» WHAT YOU NEED TO DO
Your output should consist of the data, copied exactly.

--

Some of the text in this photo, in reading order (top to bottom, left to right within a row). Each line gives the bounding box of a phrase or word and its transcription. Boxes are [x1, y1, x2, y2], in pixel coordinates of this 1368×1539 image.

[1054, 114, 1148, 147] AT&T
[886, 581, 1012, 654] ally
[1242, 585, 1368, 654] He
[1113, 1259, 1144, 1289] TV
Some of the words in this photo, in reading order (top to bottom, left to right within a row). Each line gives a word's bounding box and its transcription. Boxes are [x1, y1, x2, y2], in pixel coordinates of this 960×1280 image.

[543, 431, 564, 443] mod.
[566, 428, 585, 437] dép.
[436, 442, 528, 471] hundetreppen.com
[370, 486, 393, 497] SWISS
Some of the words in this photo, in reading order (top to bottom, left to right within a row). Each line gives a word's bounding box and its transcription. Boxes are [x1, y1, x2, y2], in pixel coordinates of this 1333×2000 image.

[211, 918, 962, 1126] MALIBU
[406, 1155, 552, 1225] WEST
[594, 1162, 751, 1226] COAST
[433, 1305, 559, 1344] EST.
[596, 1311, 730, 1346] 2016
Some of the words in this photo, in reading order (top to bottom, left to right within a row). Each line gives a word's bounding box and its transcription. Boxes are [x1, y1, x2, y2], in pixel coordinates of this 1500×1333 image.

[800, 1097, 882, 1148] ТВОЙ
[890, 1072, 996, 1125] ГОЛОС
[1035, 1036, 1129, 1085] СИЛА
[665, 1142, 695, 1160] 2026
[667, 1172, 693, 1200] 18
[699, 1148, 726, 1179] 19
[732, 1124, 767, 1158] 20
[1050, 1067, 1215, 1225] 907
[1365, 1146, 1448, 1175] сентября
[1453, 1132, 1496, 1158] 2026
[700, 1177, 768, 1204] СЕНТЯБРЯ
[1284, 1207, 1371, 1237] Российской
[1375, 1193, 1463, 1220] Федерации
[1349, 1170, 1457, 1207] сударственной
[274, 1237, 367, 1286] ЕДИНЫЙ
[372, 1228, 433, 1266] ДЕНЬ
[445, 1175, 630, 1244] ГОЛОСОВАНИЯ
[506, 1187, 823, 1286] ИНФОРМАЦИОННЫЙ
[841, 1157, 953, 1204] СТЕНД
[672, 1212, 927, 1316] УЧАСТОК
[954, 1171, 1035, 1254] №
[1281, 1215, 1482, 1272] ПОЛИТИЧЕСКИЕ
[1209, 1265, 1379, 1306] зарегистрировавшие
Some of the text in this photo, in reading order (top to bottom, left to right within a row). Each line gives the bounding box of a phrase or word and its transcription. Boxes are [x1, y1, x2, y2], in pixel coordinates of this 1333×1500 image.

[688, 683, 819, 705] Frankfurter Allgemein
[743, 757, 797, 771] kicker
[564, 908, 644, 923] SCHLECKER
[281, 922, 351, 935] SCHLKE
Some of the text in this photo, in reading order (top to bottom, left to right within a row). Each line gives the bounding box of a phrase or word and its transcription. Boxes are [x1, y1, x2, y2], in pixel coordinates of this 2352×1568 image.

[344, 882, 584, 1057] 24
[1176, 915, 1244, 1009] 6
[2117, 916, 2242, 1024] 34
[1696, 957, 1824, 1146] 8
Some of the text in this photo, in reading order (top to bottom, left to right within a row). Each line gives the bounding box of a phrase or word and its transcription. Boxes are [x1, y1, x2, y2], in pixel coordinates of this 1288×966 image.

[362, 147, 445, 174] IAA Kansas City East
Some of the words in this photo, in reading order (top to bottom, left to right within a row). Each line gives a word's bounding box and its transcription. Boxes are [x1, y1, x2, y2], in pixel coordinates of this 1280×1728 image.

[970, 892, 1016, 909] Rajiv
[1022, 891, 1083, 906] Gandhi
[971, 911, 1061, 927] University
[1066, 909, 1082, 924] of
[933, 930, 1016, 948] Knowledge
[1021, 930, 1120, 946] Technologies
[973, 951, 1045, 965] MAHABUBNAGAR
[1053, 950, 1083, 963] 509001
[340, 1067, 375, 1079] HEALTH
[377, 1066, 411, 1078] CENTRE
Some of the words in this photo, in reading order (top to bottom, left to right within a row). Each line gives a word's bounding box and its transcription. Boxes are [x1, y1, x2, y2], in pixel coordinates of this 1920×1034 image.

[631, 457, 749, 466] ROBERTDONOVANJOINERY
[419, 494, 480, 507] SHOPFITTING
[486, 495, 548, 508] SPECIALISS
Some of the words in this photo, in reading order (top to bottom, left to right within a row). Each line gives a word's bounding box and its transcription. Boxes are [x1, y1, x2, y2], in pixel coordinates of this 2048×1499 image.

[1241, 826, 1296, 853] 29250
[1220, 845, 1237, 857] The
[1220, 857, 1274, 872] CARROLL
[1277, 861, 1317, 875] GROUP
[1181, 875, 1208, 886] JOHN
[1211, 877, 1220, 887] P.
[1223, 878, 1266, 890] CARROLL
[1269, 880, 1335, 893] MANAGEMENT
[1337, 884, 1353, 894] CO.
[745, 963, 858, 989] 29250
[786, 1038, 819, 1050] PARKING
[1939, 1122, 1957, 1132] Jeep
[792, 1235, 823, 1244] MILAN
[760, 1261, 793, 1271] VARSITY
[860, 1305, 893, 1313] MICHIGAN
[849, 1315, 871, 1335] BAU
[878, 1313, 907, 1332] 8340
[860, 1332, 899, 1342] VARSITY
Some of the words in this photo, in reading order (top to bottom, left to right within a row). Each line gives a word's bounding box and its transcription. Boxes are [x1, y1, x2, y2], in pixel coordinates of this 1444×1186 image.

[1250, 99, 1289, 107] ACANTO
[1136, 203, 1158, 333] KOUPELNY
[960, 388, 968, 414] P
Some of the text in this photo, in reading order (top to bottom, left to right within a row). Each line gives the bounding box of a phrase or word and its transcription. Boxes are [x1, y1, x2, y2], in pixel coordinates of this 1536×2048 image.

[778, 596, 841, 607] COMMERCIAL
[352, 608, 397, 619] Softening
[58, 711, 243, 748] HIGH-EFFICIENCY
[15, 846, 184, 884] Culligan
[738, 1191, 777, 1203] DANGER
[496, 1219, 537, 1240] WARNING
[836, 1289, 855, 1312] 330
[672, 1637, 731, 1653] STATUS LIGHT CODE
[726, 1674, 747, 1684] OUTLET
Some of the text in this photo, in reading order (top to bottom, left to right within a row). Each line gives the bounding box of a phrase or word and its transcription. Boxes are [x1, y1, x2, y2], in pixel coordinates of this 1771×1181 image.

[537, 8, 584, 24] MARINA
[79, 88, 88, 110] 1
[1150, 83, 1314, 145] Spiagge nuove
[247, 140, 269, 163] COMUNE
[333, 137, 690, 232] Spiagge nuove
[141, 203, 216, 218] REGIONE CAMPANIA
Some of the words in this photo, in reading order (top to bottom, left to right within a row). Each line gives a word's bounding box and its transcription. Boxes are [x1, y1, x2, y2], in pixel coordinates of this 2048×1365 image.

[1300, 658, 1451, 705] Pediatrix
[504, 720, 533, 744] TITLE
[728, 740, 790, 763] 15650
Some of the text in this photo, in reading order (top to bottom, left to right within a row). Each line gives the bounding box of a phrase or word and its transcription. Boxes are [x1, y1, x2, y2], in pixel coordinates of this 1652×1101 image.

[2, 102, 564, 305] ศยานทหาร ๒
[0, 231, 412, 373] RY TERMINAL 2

--

» ANSWER FOR THE TASK
Some of the text in this photo, in reading order (top to bottom, left to right within a row). Each line gives the bounding box of a phrase or word and its transcription. Boxes are [x1, y1, x2, y2], in pixel coordinates of this 1368×1539 image.

[1054, 114, 1148, 147] AT&T
[886, 581, 1012, 654] ally
[1242, 585, 1368, 654] He
[1113, 1259, 1144, 1289] TV
Some of the words in this photo, in reading order (top to bottom, left to right within a row). Each line gives a word's bounding box and its transcription. Boxes are [x1, y1, x2, y2], in pixel coordinates of this 960×1280 image.

[543, 431, 564, 443] mod.
[566, 428, 585, 437] dép.
[436, 442, 528, 471] hundetreppen.com
[370, 486, 393, 497] SWISS
Some of the words in this photo, in reading order (top to bottom, left to right within a row). Each line gives a word's bounding box and its transcription. Boxes are [x1, y1, x2, y2], in pixel coordinates of this 1333×2000 image.

[211, 918, 962, 1126] MALIBU
[406, 1155, 552, 1225] WEST
[594, 1162, 751, 1226] COAST
[433, 1305, 559, 1344] EST.
[596, 1311, 730, 1346] 2016
Some of the words in this photo, in reading order (top to bottom, left to right within a row). Each line gives a word's bounding box and its transcription. Boxes are [x1, y1, x2, y2], in pixel coordinates of this 1500×1333 image.

[800, 1097, 882, 1148] ТВОЙ
[890, 1072, 996, 1125] ГОЛОС
[1035, 1036, 1129, 1085] СИЛА
[665, 1142, 695, 1160] 2026
[667, 1172, 693, 1200] 18
[699, 1148, 726, 1179] 19
[732, 1124, 767, 1158] 20
[1050, 1067, 1215, 1225] 907
[1365, 1146, 1448, 1175] сентября
[1453, 1132, 1496, 1158] 2026
[700, 1177, 768, 1204] СЕНТЯБРЯ
[1284, 1207, 1371, 1237] Российской
[1375, 1193, 1463, 1220] Федерации
[1349, 1170, 1457, 1207] сударственной
[274, 1237, 367, 1286] ЕДИНЫЙ
[372, 1228, 433, 1266] ДЕНЬ
[445, 1175, 630, 1244] ГОЛОСОВАНИЯ
[506, 1187, 823, 1286] ИНФОРМАЦИОННЫЙ
[841, 1157, 953, 1204] СТЕНД
[672, 1212, 927, 1316] УЧАСТОК
[954, 1171, 1035, 1254] №
[1281, 1215, 1482, 1272] ПОЛИТИЧЕСКИЕ
[1209, 1265, 1379, 1306] зарегистрировавшие
Some of the text in this photo, in reading order (top to bottom, left to right within a row). Each line gives the bounding box of a phrase or word and its transcription. Boxes are [x1, y1, x2, y2], in pixel coordinates of this 1333×1500 image.

[688, 683, 819, 705] Frankfurter Allgemein
[743, 757, 797, 771] kicker
[564, 908, 644, 923] SCHLECKER
[281, 922, 351, 935] SCHLKE
Some of the text in this photo, in reading order (top to bottom, left to right within a row). Each line gives the bounding box of a phrase or word and its transcription. Boxes are [x1, y1, x2, y2], in pixel coordinates of this 2352×1568 image.

[344, 882, 584, 1057] 24
[1176, 915, 1244, 1009] 6
[2117, 916, 2242, 1024] 34
[1696, 957, 1824, 1146] 8
Some of the text in this photo, in reading order (top to bottom, left to right within a row). Each line gives the bounding box of a phrase or word and its transcription. Boxes are [x1, y1, x2, y2], in pixel coordinates of this 1288×966 image.

[362, 147, 445, 174] IAA Kansas City East
Some of the words in this photo, in reading order (top to bottom, left to right within a row). Each line gives a word's bounding box and its transcription. Boxes are [x1, y1, x2, y2], in pixel coordinates of this 1280×1728 image.

[970, 892, 1016, 909] Rajiv
[1022, 891, 1083, 906] Gandhi
[971, 911, 1061, 927] University
[1066, 909, 1082, 924] of
[933, 930, 1016, 948] Knowledge
[1021, 930, 1120, 946] Technologies
[973, 951, 1045, 965] MAHABUBNAGAR
[1053, 950, 1083, 963] 509001
[340, 1067, 375, 1079] HEALTH
[377, 1066, 411, 1078] CENTRE
Some of the words in this photo, in reading order (top to bottom, left to right within a row). Each line gives a word's bounding box and its transcription. Boxes are [x1, y1, x2, y2], in pixel coordinates of this 1920×1034 image.

[631, 457, 749, 466] ROBERTDONOVANJOINERY
[419, 494, 480, 507] SHOPFITTING
[486, 495, 548, 508] SPECIALISS
Some of the words in this photo, in reading order (top to bottom, left to right within a row). Each line gives a word's bounding box and its transcription. Boxes are [x1, y1, x2, y2], in pixel coordinates of this 2048×1499 image.

[1241, 826, 1296, 853] 29250
[1220, 845, 1237, 857] The
[1220, 857, 1274, 872] CARROLL
[1277, 861, 1317, 875] GROUP
[1181, 875, 1208, 886] JOHN
[1211, 877, 1220, 887] P.
[1223, 878, 1266, 890] CARROLL
[1269, 880, 1335, 893] MANAGEMENT
[1337, 884, 1353, 894] CO.
[745, 963, 858, 989] 29250
[786, 1038, 819, 1050] PARKING
[1939, 1122, 1957, 1132] Jeep
[792, 1235, 823, 1244] MILAN
[760, 1261, 793, 1271] VARSITY
[860, 1305, 893, 1313] MICHIGAN
[849, 1315, 871, 1335] BAU
[878, 1313, 907, 1332] 8340
[860, 1332, 899, 1342] VARSITY
Some of the words in this photo, in reading order (top to bottom, left to right within a row). Each line gives a word's bounding box and its transcription. Boxes are [x1, y1, x2, y2], in pixel coordinates of this 1444×1186 image.

[1250, 99, 1289, 107] ACANTO
[1136, 203, 1158, 333] KOUPELNY
[960, 388, 968, 414] P
Some of the text in this photo, in reading order (top to bottom, left to right within a row). Each line gives the bounding box of a phrase or word and its transcription. Boxes are [x1, y1, x2, y2], in pixel coordinates of this 1536×2048 image.

[778, 596, 841, 607] COMMERCIAL
[352, 608, 397, 619] Softening
[58, 711, 243, 748] HIGH-EFFICIENCY
[15, 846, 184, 884] Culligan
[738, 1191, 777, 1203] DANGER
[496, 1219, 537, 1240] WARNING
[836, 1289, 855, 1312] 330
[672, 1637, 731, 1653] STATUS LIGHT CODE
[726, 1674, 747, 1684] OUTLET
Some of the text in this photo, in reading order (top to bottom, left to right within a row). Each line gives the bounding box of a phrase or word and its transcription. Boxes are [x1, y1, x2, y2], in pixel coordinates of this 1771×1181 image.

[537, 8, 584, 24] MARINA
[79, 88, 88, 110] 1
[1150, 83, 1314, 145] Spiagge nuove
[247, 140, 269, 163] COMUNE
[333, 137, 690, 232] Spiagge nuove
[141, 203, 216, 218] REGIONE CAMPANIA
Some of the words in this photo, in reading order (top to bottom, left to right within a row). Each line gives a word's bounding box and its transcription. Boxes are [x1, y1, x2, y2], in pixel coordinates of this 2048×1365 image.

[1300, 658, 1451, 705] Pediatrix
[504, 720, 533, 744] TITLE
[728, 740, 790, 763] 15650
Some of the text in this photo, in reading order (top to bottom, left to right within a row). Each line gives the bounding box of a phrase or word and its transcription. Boxes are [x1, y1, x2, y2], in pixel coordinates of this 1652×1101 image.

[2, 102, 564, 305] ศยานทหาร ๒
[0, 231, 412, 373] RY TERMINAL 2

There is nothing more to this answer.